Emilio Castelar said to me one day, "Toledo is the most remarkable city
in Spain.
You will find there three strata of glories, - Gothic, Arab,
and Castilian, - and an upper crust of beggars and silence."
I went there in the pleasantest time of the year, the first days of
June. The early harvest was in progress, and the sunny road ran through
golden fields which were enlivened by the reapers gathering in their
grain with shining sickles. The borders of the Tagus were so cool and
fresh that it was hard to believe one was in the arid land of Castile.
From Madrid to Aranjuez you meet the usual landscapes of dun hillocks
and pale-blue vegetation, such as are only seen in nature in Central
Spain, and only seen in art on the matchless canvas of Velazquez. But
from the time you cross the tawny flood of the Tagus just north of
Aranjuez, the valley is gladdened by its waters all the way to the
Primate City.
I am glad I am not writing a guide-book, and do not feel any
responsibility resting upon me of advising the gentle reader to stop at
Aranjuez or to go by on the other side. There is a most amiable and
praiseworthy class of travellers who feel a certain moral necessity
impelling them to visit every royal abode within their reach. They
always see precisely the same things, - some thousand of gilt chairs,
some faded tapestry and marvellous satin upholstery, a room in
porcelain, and a room in imitation of some other room somewhere else,
and a picture or two by that worthy and tedious young man, Raphael
Mengs. I knew I would see all these things at Aranjuez, and so contented
myself with admiring its pretty site, its stone-cornered brick facade,
its high-shouldered French roof, and its general air of the Place
Royale, from the outside. The gardens are very pleasant, and lonely
enough for the most philosophic stroller. A clever Spanish writer says
of them, "They are sombre as the thoughts of Philip II., mysterious and
gallant as the pleasures of Philip IV." To a revolutionary mind, it is a
certain pleasure to remember that this was the scene of the emeute
that drove Charles IV. from his throne, and the Prince of Peace from his
queen's boudoir. Ferdinand VII., the turbulent and restless Prince of
Asturias, reaped the immediate profit of his father's abdication; but
the two worthless creatures soon called in Napoleon to decide the
squabble, which he did in his leonine way by taking the crown away from
both of them and handing it over for safe-keeping to his lieutenant
brother Joseph. Honor among thieves! - a silly proverb, as one readily
sees if he falls into their hands, or reads the history of kings.

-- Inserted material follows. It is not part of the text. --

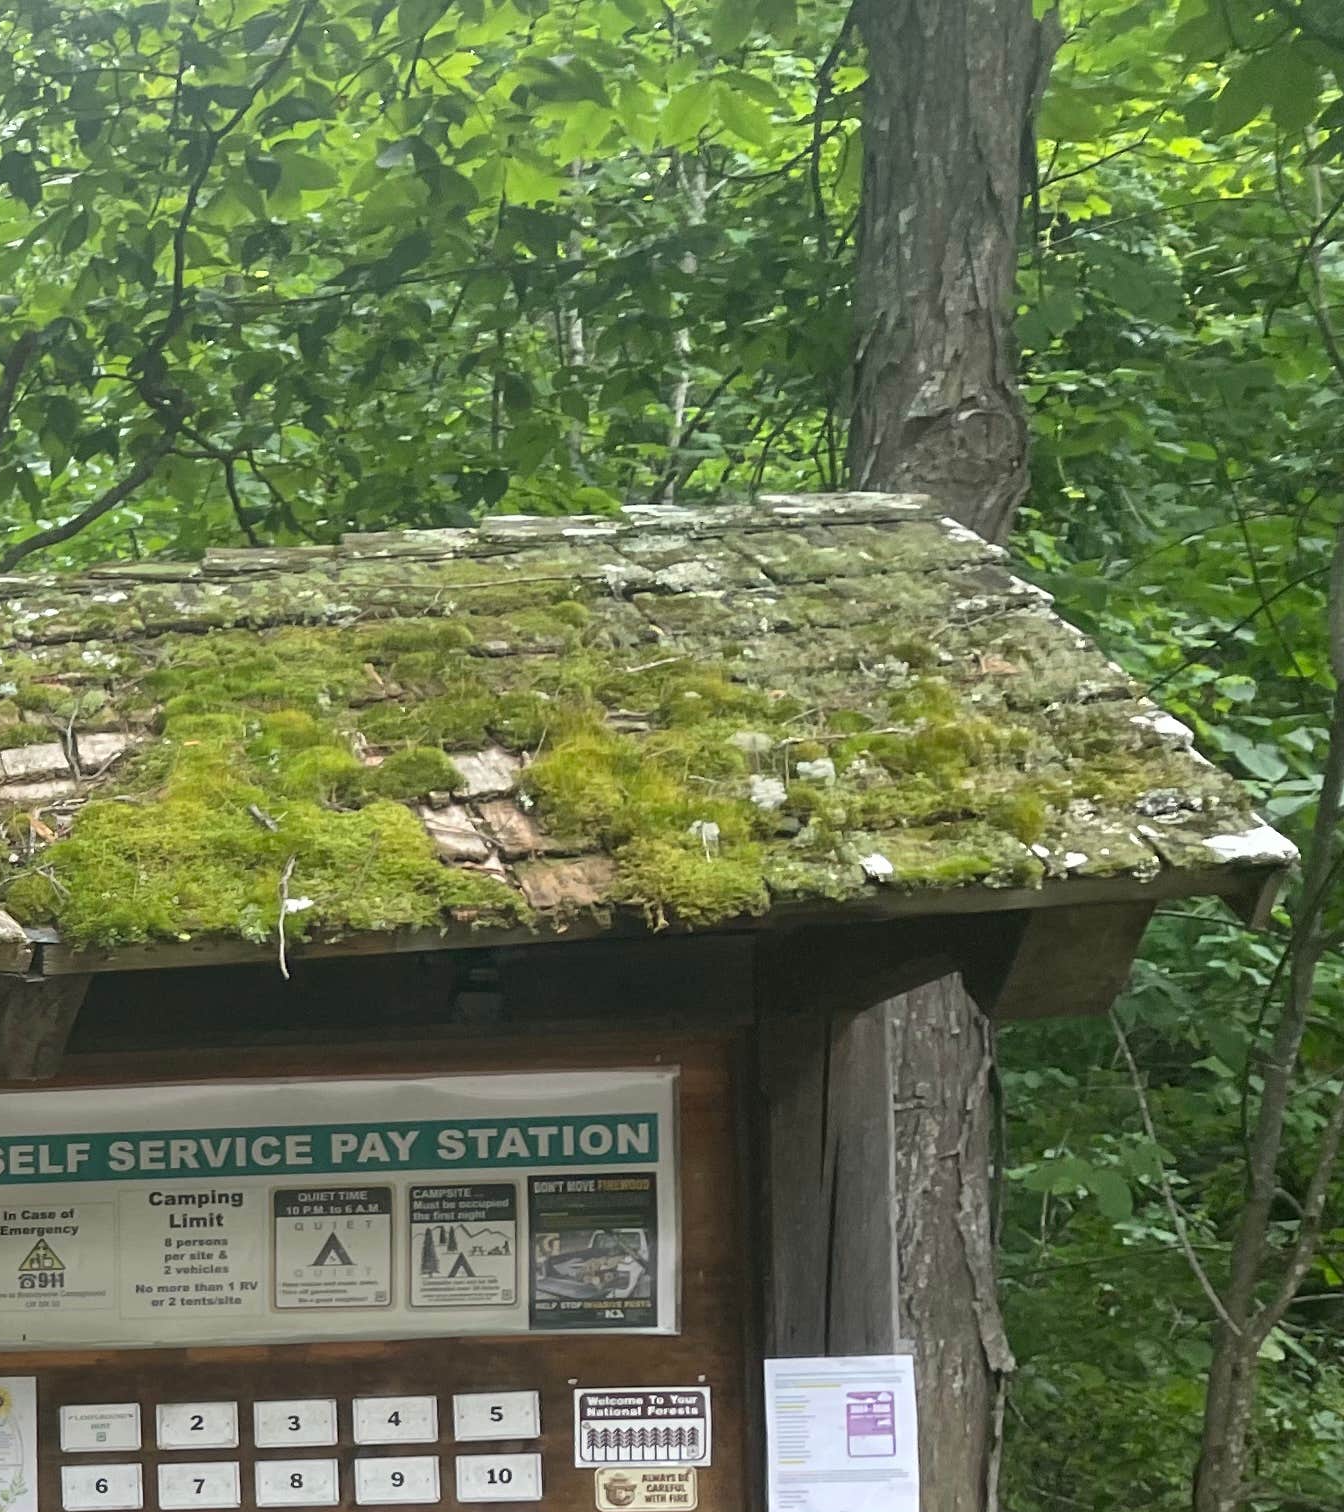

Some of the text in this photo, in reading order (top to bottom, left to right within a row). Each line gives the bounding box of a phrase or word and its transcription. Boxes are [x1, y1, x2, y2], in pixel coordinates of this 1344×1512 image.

If Toledo had been built, by some caprice of enlightened power,
especially for a show city, it could not be finer in effect. In detail,
it is one vast museum. In ensemble, it stands majestic on its hills,
with its long lines of palaces and convents terraced around the rocky
slope, and on the height the soaring steeples of a swarm of churches
piercing the blue, and the huge cube of the Alcazar crowning the topmost
crest, and domineering the scene. The magnificent zigzag road which
leads up the steep hillside from the bridge of Alcantara gives an
indefinable impression, as of the lordly ramp of some fortress of
impossible extent.
This road is new, and in perfect condition. But do not imagine you can
judge the city by the approaches. When your carriage has mounted the
hill and passed the evening promenade of the To-ledans, the quaint
triangular Place, - I had nearly called it Square, - "waking laughter in
indolent reviewers," the Zocodover, you are lost in the dae-dalian
windings of the true streets of Toledo, where you can touch the walls on
either side, and where two carriages could no more pass each other than
two locomotives could salute and go by on the same track. This
interesting experiment, which is so common in our favored land, could
never be tried in Toledo, as I believe there is only one turnout in the
city, a minute omnibus with striped linen hangings at the sides, driven
by a young Castilian whose love of money is the root of much discussion
when you pay his bill. It is a most remarkable establishment. The horses
can cheerfully do their mile in fifteen or twenty minutes, but they make
more row about it than a high-pressure Mississippi steamer; and the
crazy little trap is noisier in proportion to its size than anything I
have ever seen, except perhaps an Indiana tree-toad. If you make an
excursion outside the walls, the omnibus, noise and all, is inevitable;
let it come. But inside the city you must walk; the slower the better,
for every door is a study.
It is hard to conceive that this was once a great capital with a
population of two hundred thousand souls. You can easily walk from one
end of the city to the other in less than half an hour, and the houses
that remain seem comfortably filled by eighteen thousand inhabitants.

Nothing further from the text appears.